[Given entries Boundary: Start]

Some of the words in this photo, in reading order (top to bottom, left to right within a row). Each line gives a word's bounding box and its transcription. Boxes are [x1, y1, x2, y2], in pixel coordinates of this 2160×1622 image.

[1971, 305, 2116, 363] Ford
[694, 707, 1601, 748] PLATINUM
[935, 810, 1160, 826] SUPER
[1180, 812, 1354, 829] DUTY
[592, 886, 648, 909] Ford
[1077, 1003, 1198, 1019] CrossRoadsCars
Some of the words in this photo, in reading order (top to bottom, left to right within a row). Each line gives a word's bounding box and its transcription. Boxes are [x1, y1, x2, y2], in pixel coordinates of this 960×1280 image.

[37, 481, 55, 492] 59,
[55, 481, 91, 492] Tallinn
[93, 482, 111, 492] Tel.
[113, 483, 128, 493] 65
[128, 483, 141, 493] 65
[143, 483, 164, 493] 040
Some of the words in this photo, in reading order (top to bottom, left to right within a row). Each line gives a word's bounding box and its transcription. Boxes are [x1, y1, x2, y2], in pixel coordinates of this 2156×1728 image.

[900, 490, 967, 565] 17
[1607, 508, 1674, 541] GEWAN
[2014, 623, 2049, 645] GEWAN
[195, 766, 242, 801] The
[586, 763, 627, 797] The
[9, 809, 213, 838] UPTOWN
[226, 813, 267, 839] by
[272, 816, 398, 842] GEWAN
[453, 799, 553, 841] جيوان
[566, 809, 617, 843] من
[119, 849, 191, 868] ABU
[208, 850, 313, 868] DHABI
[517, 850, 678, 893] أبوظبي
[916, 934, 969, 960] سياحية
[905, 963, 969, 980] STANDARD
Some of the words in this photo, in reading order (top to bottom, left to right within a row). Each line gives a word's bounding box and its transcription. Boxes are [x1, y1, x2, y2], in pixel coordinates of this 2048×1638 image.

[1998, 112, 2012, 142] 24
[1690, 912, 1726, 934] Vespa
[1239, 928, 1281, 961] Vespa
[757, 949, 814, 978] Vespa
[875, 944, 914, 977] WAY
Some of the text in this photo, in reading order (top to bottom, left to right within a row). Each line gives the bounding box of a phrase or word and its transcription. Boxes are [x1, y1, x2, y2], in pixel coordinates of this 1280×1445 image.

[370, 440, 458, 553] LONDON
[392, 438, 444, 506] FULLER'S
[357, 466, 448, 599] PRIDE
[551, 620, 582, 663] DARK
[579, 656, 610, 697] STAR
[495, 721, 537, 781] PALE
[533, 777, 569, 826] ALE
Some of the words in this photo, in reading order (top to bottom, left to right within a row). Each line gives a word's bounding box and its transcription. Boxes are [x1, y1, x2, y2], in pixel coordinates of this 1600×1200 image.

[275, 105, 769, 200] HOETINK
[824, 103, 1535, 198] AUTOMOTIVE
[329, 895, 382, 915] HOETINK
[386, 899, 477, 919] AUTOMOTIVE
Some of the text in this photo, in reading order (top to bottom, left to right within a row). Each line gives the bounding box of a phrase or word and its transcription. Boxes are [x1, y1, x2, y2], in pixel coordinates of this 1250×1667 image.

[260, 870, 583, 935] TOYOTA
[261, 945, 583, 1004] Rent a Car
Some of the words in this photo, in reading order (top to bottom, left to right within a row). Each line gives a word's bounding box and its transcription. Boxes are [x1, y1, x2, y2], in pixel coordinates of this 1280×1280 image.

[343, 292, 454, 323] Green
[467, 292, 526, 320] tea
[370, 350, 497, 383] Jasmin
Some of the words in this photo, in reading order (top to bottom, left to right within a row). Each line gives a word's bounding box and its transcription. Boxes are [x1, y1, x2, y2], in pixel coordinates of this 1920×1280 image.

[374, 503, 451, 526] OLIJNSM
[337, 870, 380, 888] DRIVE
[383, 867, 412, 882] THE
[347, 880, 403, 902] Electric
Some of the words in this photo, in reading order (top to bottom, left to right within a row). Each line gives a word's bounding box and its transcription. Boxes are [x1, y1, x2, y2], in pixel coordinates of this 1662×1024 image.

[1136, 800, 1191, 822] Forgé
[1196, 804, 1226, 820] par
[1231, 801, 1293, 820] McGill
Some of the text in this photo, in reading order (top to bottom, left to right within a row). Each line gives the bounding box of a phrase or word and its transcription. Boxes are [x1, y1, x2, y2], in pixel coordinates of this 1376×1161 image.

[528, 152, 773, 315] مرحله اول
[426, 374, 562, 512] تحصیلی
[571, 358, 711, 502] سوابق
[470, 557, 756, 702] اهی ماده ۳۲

[Given entries Boundary: End]

All the records, from start to finish, are to be repeated exactly.

Reply -
Some of the words in this photo, in reading order (top to bottom, left to right within a row). Each line gives a word's bounding box and its transcription. Boxes are [x1, y1, x2, y2], in pixel coordinates of this 2160×1622 image.

[1971, 305, 2116, 363] Ford
[694, 707, 1601, 748] PLATINUM
[935, 810, 1160, 826] SUPER
[1180, 812, 1354, 829] DUTY
[592, 886, 648, 909] Ford
[1077, 1003, 1198, 1019] CrossRoadsCars
Some of the words in this photo, in reading order (top to bottom, left to right within a row). Each line gives a word's bounding box and its transcription. Boxes are [x1, y1, x2, y2], in pixel coordinates of this 960×1280 image.

[37, 481, 55, 492] 59,
[55, 481, 91, 492] Tallinn
[93, 482, 111, 492] Tel.
[113, 483, 128, 493] 65
[128, 483, 141, 493] 65
[143, 483, 164, 493] 040
Some of the words in this photo, in reading order (top to bottom, left to right within a row). Each line gives a word's bounding box and its transcription. Boxes are [x1, y1, x2, y2], in pixel coordinates of this 2156×1728 image.

[900, 490, 967, 565] 17
[1607, 508, 1674, 541] GEWAN
[2014, 623, 2049, 645] GEWAN
[195, 766, 242, 801] The
[586, 763, 627, 797] The
[9, 809, 213, 838] UPTOWN
[226, 813, 267, 839] by
[272, 816, 398, 842] GEWAN
[453, 799, 553, 841] جيوان
[566, 809, 617, 843] من
[119, 849, 191, 868] ABU
[208, 850, 313, 868] DHABI
[517, 850, 678, 893] أبوظبي
[916, 934, 969, 960] سياحية
[905, 963, 969, 980] STANDARD
Some of the words in this photo, in reading order (top to bottom, left to right within a row). Each line gives a word's bounding box and its transcription. Boxes are [x1, y1, x2, y2], in pixel coordinates of this 2048×1638 image.

[1998, 112, 2012, 142] 24
[1690, 912, 1726, 934] Vespa
[1239, 928, 1281, 961] Vespa
[757, 949, 814, 978] Vespa
[875, 944, 914, 977] WAY
Some of the text in this photo, in reading order (top to bottom, left to right within a row). Each line gives the bounding box of a phrase or word and its transcription. Boxes are [x1, y1, x2, y2], in pixel coordinates of this 1280×1445 image.

[370, 440, 458, 553] LONDON
[392, 438, 444, 506] FULLER'S
[357, 466, 448, 599] PRIDE
[551, 620, 582, 663] DARK
[579, 656, 610, 697] STAR
[495, 721, 537, 781] PALE
[533, 777, 569, 826] ALE
Some of the words in this photo, in reading order (top to bottom, left to right within a row). Each line gives a word's bounding box and its transcription. Boxes are [x1, y1, x2, y2], in pixel coordinates of this 1600×1200 image.

[275, 105, 769, 200] HOETINK
[824, 103, 1535, 198] AUTOMOTIVE
[329, 895, 382, 915] HOETINK
[386, 899, 477, 919] AUTOMOTIVE
Some of the text in this photo, in reading order (top to bottom, left to right within a row). Each line gives the bounding box of a phrase or word and its transcription. Boxes are [x1, y1, x2, y2], in pixel coordinates of this 1250×1667 image.

[260, 870, 583, 935] TOYOTA
[261, 945, 583, 1004] Rent a Car
Some of the words in this photo, in reading order (top to bottom, left to right within a row). Each line gives a word's bounding box and its transcription. Boxes are [x1, y1, x2, y2], in pixel coordinates of this 1280×1280 image.

[343, 292, 454, 323] Green
[467, 292, 526, 320] tea
[370, 350, 497, 383] Jasmin
Some of the words in this photo, in reading order (top to bottom, left to right within a row). Each line gives a word's bounding box and its transcription. Boxes are [x1, y1, x2, y2], in pixel coordinates of this 1920×1280 image.

[374, 503, 451, 526] OLIJNSM
[337, 870, 380, 888] DRIVE
[383, 867, 412, 882] THE
[347, 880, 403, 902] Electric
Some of the words in this photo, in reading order (top to bottom, left to right within a row). Each line gives a word's bounding box and its transcription. Boxes are [x1, y1, x2, y2], in pixel coordinates of this 1662×1024 image.

[1136, 800, 1191, 822] Forgé
[1196, 804, 1226, 820] par
[1231, 801, 1293, 820] McGill
Some of the text in this photo, in reading order (top to bottom, left to right within a row). Each line gives the bounding box of a phrase or word and its transcription. Boxes are [x1, y1, x2, y2], in pixel coordinates of this 1376×1161 image.

[528, 152, 773, 315] مرحله اول
[426, 374, 562, 512] تحصیلی
[571, 358, 711, 502] سوابق
[470, 557, 756, 702] اهی ماده ۳۲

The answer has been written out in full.